People love a heartwarming story of a teacher’s self-sacrifice. This might be a full-time PE teacher who also hosts three different programs for the community for likely little to no pay. This might be a teacher who manages to lead his class from a hospital bed while fighting stage 4 cancer during a pandemic. These stories give you the sense that kids are getting from one person the time and support they deserve from a dozen. When teachers make the news for something good, it’s usually because they’ve mastered some superhuman, time-splitting set of responsibilities under terrible circumstances.
The concept of “good teaching” itself has internalized the requirement for self-sacrifice. Washington State’s Teacher of the Year, for example, cannot simply lead all students of all backgrounds to academic excellence. That would be too easy. They must also find the time to connect their classroom to key stakeholders in the community and demonstrate “leadership and innovation in and outside of the classroom walls.” Pinterest is filled with well-loved photos of elementary school classrooms covered from floor to ceiling with intricate arts and crafts, disguising hundreds of dollars and hours that teachers spend decorating or otherwise stocking their classrooms.

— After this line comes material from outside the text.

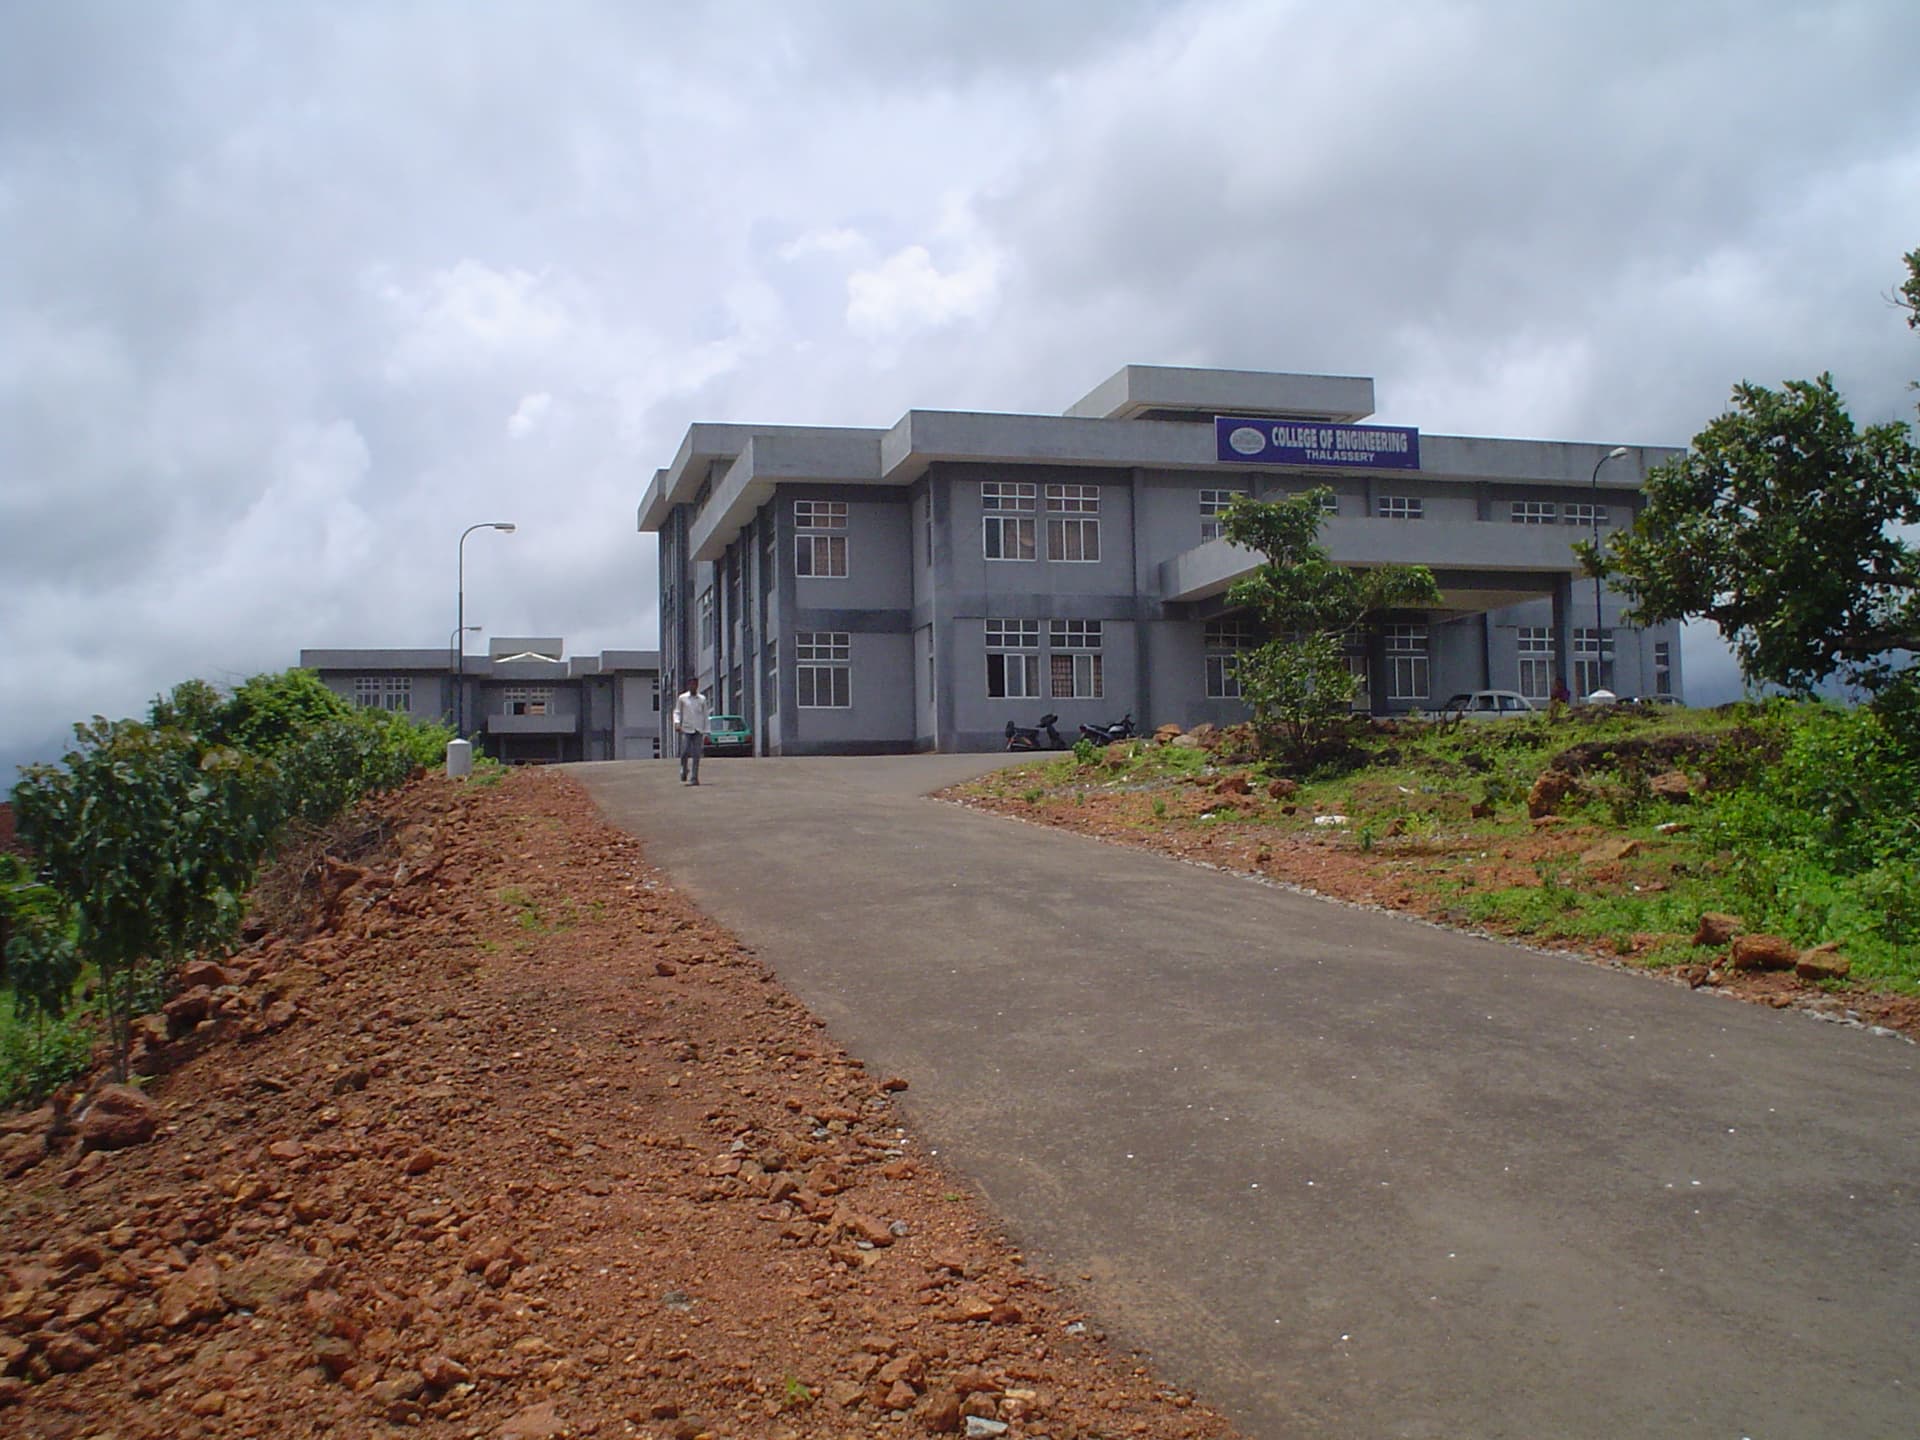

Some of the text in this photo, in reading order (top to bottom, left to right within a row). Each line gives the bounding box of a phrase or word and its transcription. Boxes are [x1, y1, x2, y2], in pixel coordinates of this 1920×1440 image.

[1272, 426, 1317, 448] COLLEGE
[1319, 429, 1334, 449] OF
[1336, 430, 1408, 453] ENGINEERING
[1305, 449, 1375, 462] THALASSERY

The media shines a spotlight on teachers who sacrifice the little time they don’t spend teaching or preparing to teach to offer additional unpaid service to their school and community, time they could have spent with themselves or their families.

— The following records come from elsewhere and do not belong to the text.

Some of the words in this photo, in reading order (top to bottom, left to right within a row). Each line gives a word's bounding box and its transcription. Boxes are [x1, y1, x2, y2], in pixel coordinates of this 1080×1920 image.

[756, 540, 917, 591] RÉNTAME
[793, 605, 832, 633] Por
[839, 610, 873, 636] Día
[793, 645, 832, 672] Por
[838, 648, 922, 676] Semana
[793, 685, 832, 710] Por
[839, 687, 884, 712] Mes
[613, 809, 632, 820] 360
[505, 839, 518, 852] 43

The legend of the self-sacrificial teacher is a fantasy that lets you pretend we were summoned by some higher calling to lives of poverty, endless toil, or martyrdom. It obscures how elected officials leverage teachers’ visceral concern for our students, because they know that teachers will spend the little time and money they have to cover much of the difference between what governments are willing to pay for and what students deserve. It glorifies teachers whose unpaid labor fills gaps in underfunded public services that should have been filled by other professionals, such as academic counselors, therapists, after-school program coordinators, coaches, or custodians. Like the fantasy written to sacrifice nurses and grocery store workers to COVID-19, it lets you off the hook for failing to protect and support the workers you depend on. And during this pandemic, it lets you pretend we signed up to die in service of you.